Około godziny drugiej w nocy we wtorek, po sześciu godzinach starań, ważący blisko 800 kg waleń, którego stan zdrowia uznano za "alarmujący", został wciągnięty w sieć holowaną przez dźwig i umieszczony na barce, gdzie natychmiast zajęło się nim kilkunastu weterynarzy. 

Był to pierwszy etap "nadzwyczajnej" operacji mającej na celu podjęcie próby sprowadzenia bieługi z powrotem do morza - odnotowała AFP.

Białucha, zwierzę żyjące w zimnych wodach, którego obecność w Sekwanie jest wyjątkowa, musi być następnie umieszczona w ciężarówce chłodni, która ma przebyć 160-kilometrowy dystans do leżącego na północnym wschodzie francuskiego miasta portowego Ouistreham. 

Basen z wodą morską, w śluzie w porcie Ouistreham, został udostępniony w celu przyjęcia zwierzęcia, które pozostanie tam przez trzy dni, "podczas gdy my zorganizujemy jego repatriację na otwarte morze i będziemy obserwować jego stan zdrowia" - powiedział przedstawiciel władz. 

Niedożywiona białucha została po raz pierwszy zauważona w Sekwanie w zeszłym tygodniu.
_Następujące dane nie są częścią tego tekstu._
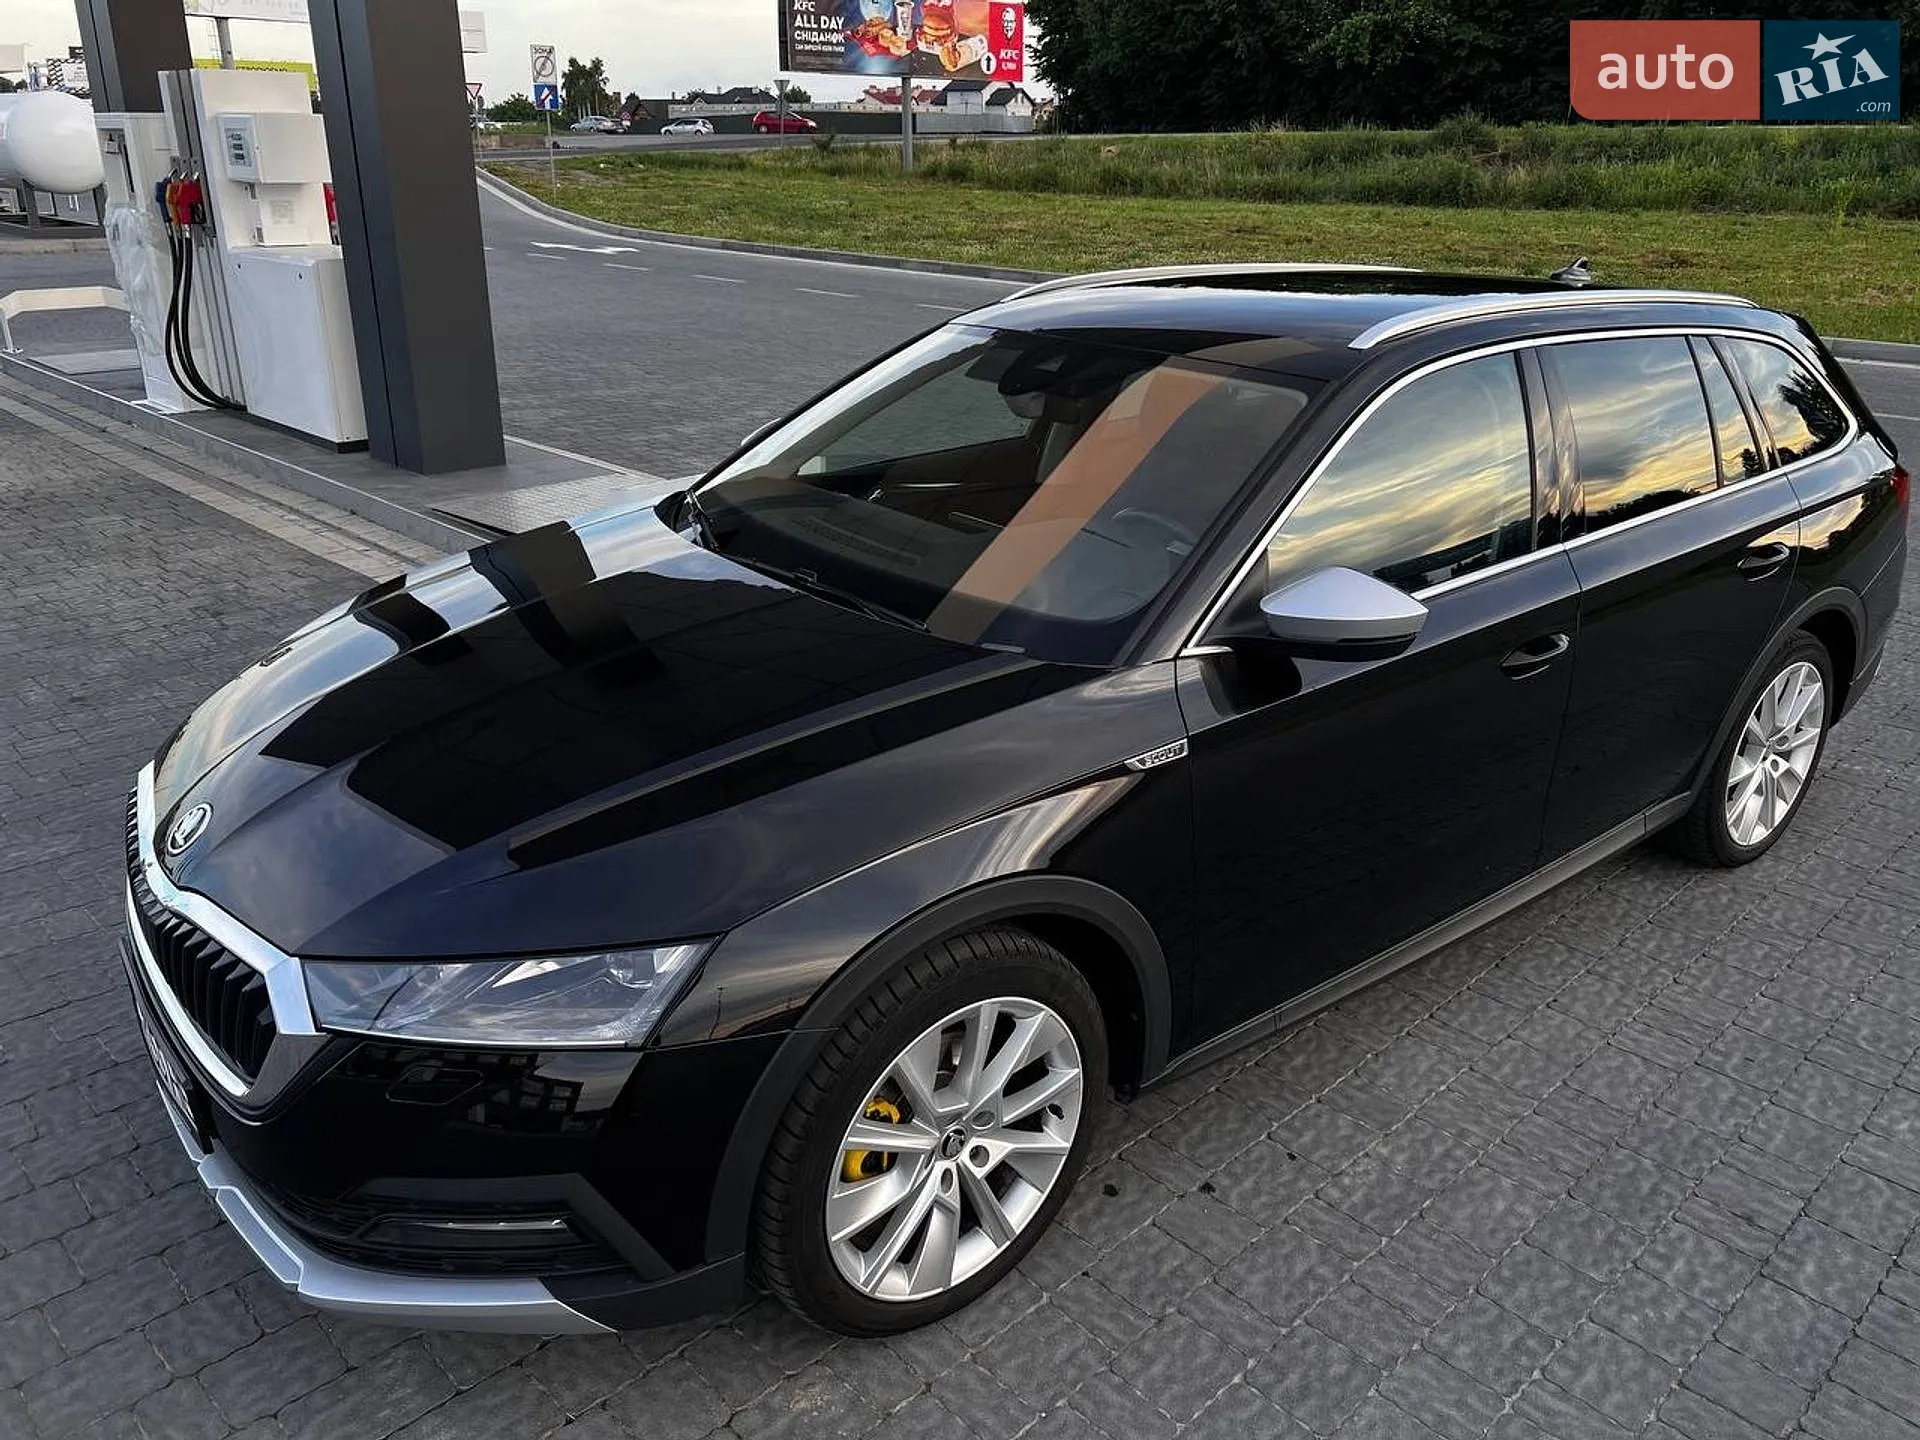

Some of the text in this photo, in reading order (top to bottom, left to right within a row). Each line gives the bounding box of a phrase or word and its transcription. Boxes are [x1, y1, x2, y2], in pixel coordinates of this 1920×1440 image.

Białuchy zwykle pływają w wodach arktycznych. Nie wiadomo, dlaczego zwierzę wpłynęło do Sekwany.

Transport czterometrowego wieloryba niesie ze sobą ryzyko, ale jak zauważa organizacja zajmująca się ochroną środowiska morskiego Sea Shepherd France, zwierzę nie może dłużej przebywać w ciepłej, słodkiej wodzie rzeki.